The other reason is the size of the file. However, indeed, the one-character surplus is not baneful. Problems occur when the Excel database contains several million records.
Yes, there are some like this. Just think about the external data sources and Power Query output. In this case, the size increase can even be 5% – 10%. We don’t have to depict the harmful effects of this. Use the TRIM() formula and guarantee that the list will be clean.
#13 – Insert text after specific nth characters
Using some Excel functions, we can resolve that we insert some characters in front of or behind a given string. The problem starts when we perform this operation on an Excel database.
By choosing the ‘Text Tools’ option, we can manipulate massive data sets in seconds! However, executing this task manually is the real challenge if you use simple Excel formulas.
From the Excel string manipulation formulas we have to emphasize the SEARCH(), FIND(), MID(), LEFT(), RIGHT() functions.
Now imagine that comfortable situation where you don’t have to create endless formulas ever again! Instead, start the functions that you can see in the picture.
#14 – Delete the text after the nth character
The following data cleansing task is a real threat to Excel users. Let’s stay a little more with the string manipulation functions. Opposite to the previous paragraph here, we don’t insert the characters but remove them.
At this point, all people who are good at Excel would say the following sentence: Let’s cut the characters from the front and back. What if we have to do this from the middle of the text or starting from the fifth character?
Probably this is the moment when the average user would throw the keyboard from the desk.
Please try the remove by position function; it is a very effective working tool. Then, look through the list. The result will quickly restore your blood pressure.

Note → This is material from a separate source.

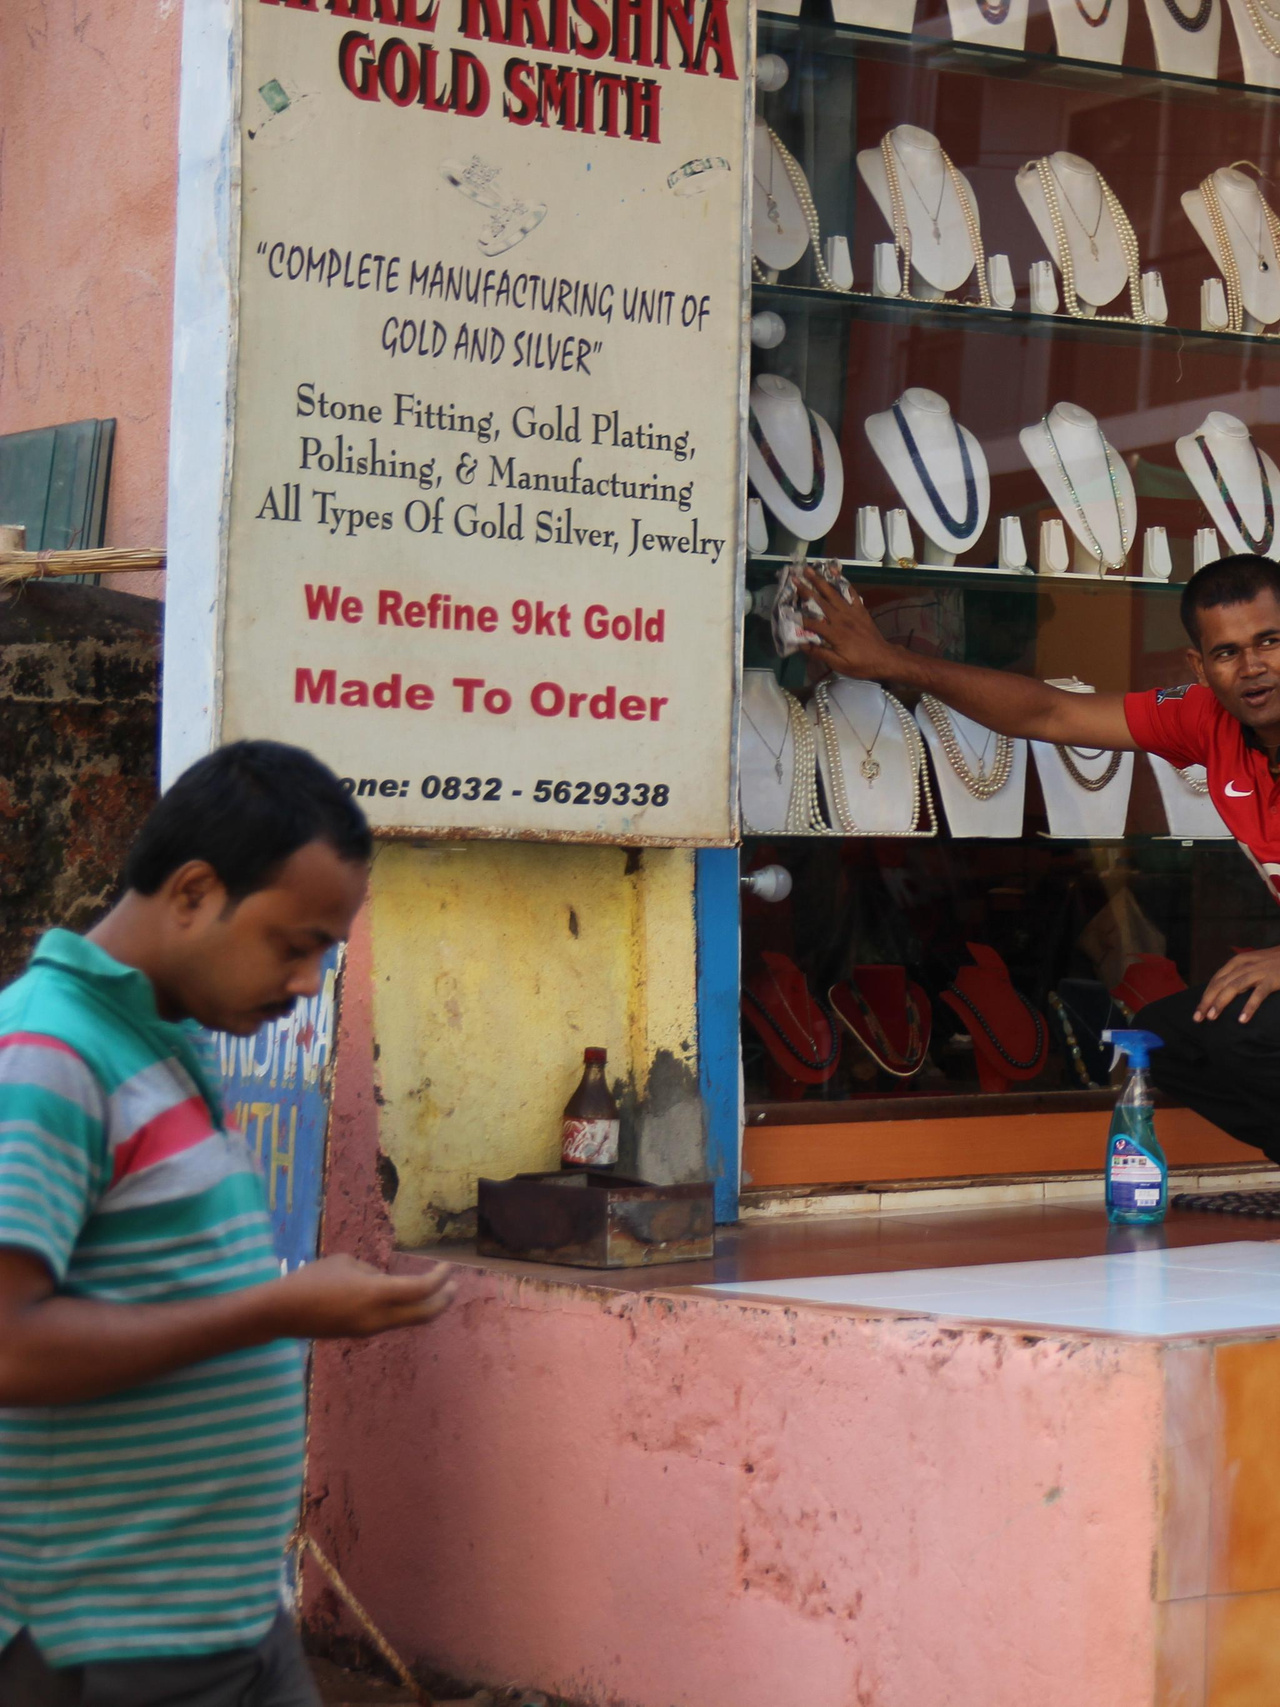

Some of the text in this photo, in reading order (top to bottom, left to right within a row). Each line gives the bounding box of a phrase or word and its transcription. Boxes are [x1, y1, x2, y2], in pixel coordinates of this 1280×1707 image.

#15 – Remove special characters from a text
Finally, let’s see the special characters. We distinguish three different types. The first is the non-printable characters, the second is the alpha characters, and the third is the numerical data. The tools seen in the picture can remove only one type of character from the text.

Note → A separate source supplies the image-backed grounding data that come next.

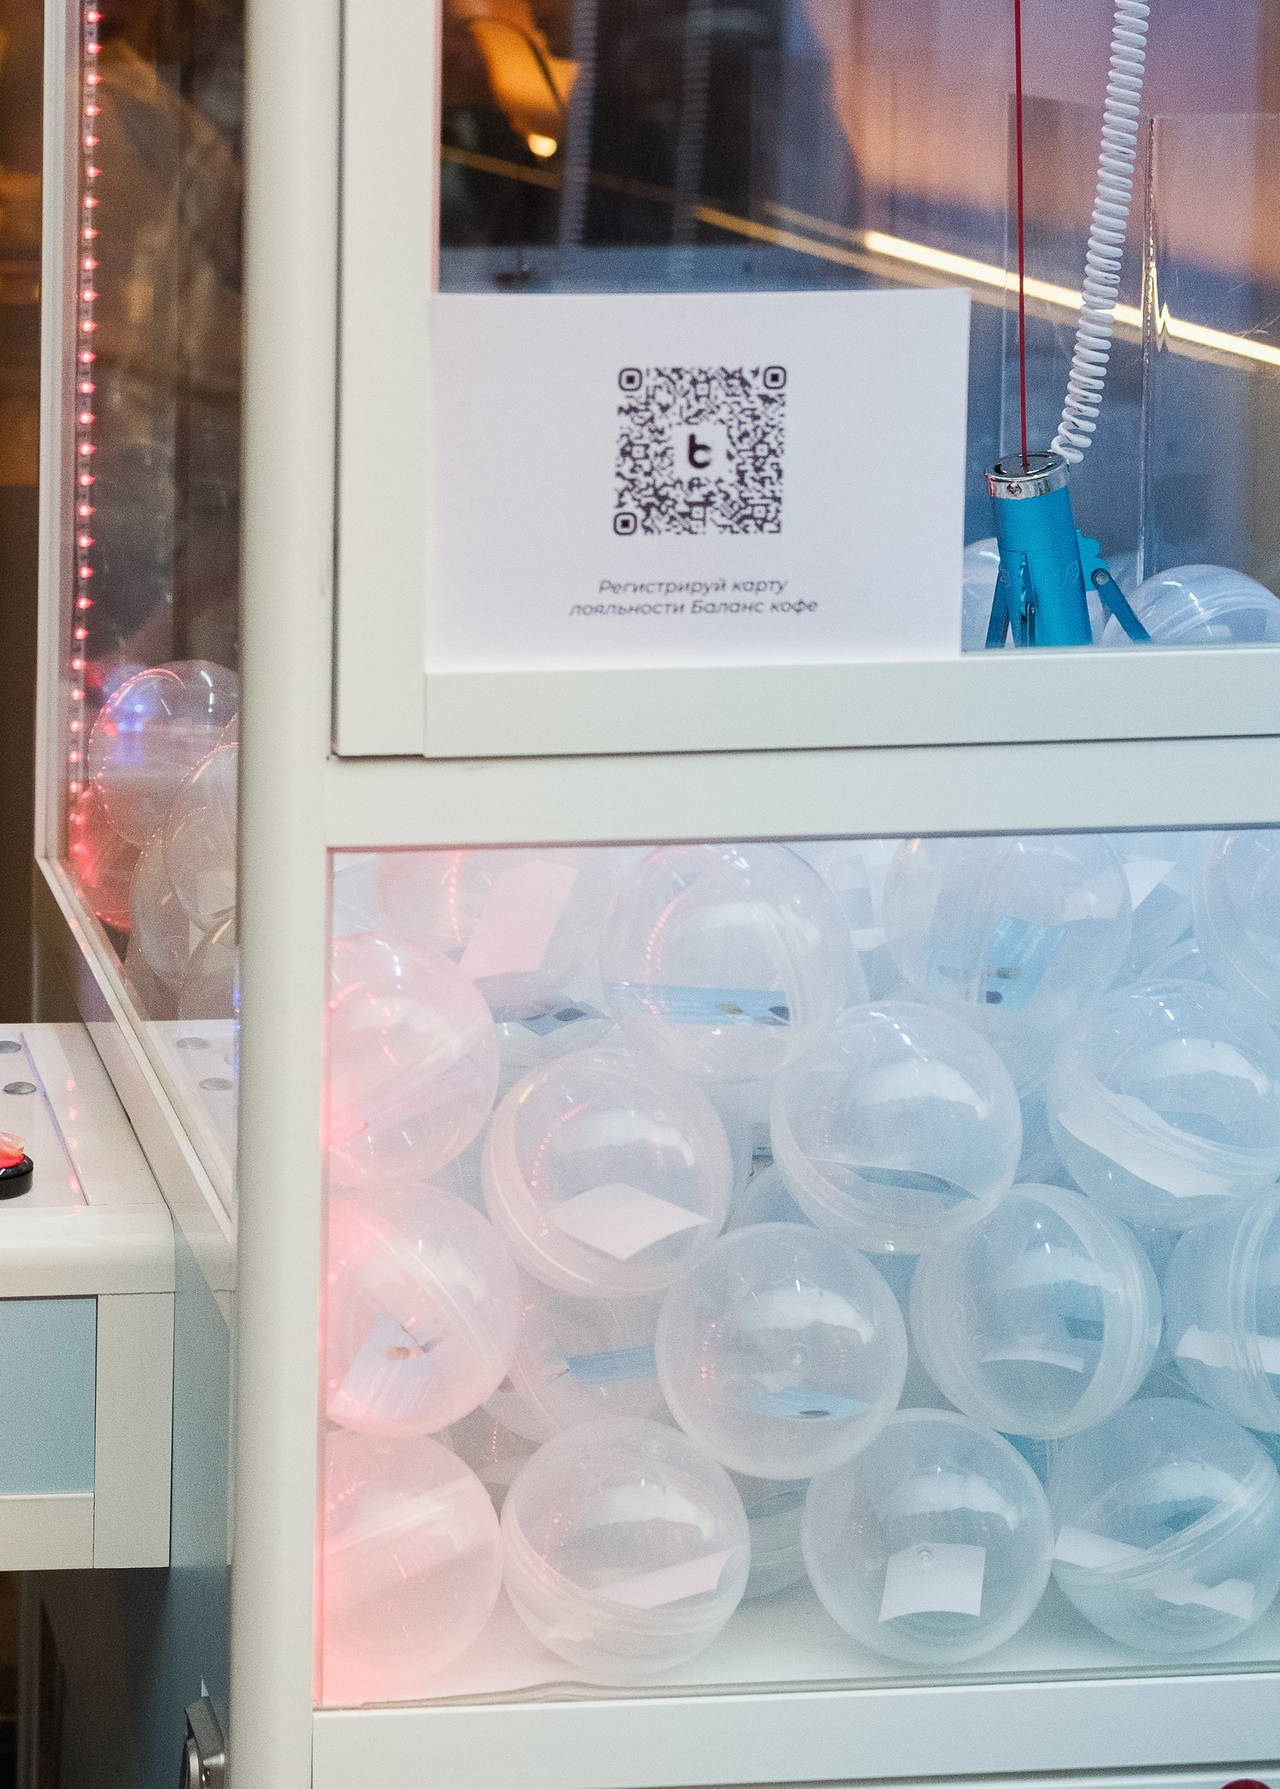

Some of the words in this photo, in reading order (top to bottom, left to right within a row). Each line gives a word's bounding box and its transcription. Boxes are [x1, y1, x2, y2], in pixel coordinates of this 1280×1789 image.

[598, 578, 726, 596] Регистрируй
[732, 580, 789, 596] карту
[569, 603, 685, 616] лояльности
[691, 599, 764, 614] Баланс
[770, 598, 818, 615] кофе

Imagine how useful can be this Excel application if we have to cleanse a database containing phone numbers. The cells have numbers and other characters also.
Let’s say we need data that only can contain numbers. And the list of phone numbers has five thousand rows. What do you think about how long would it take to remove the hyphens and other non-numerical characters? It takes too long, only thinking about it! Use Excel and automated data cleaning functions! The execution time narrows down to seconds. It looks great!
Final Thoughts: Use Effective methods to Clean Data in Excel
Let’s summarize what we have learned today! We have introduced the most important text transformations and their field of use. The free data cleansing add-in will take a lot of weight off your shoulders. If you would like to increase your knowledge of Excel, visit the well-known Excel forums.
There is no shame in learning from professionals. That’s what we have done in the early days. However, excel string manipulation functions are a huge subject that needs time and attention. As we can see from the article, Excel offers many possibilities to improve data quality.
Some functions we made with VBA macros, you should check these out closely. We hope that you will create a flawless analysis with the help of the introduced data cleansing techniques.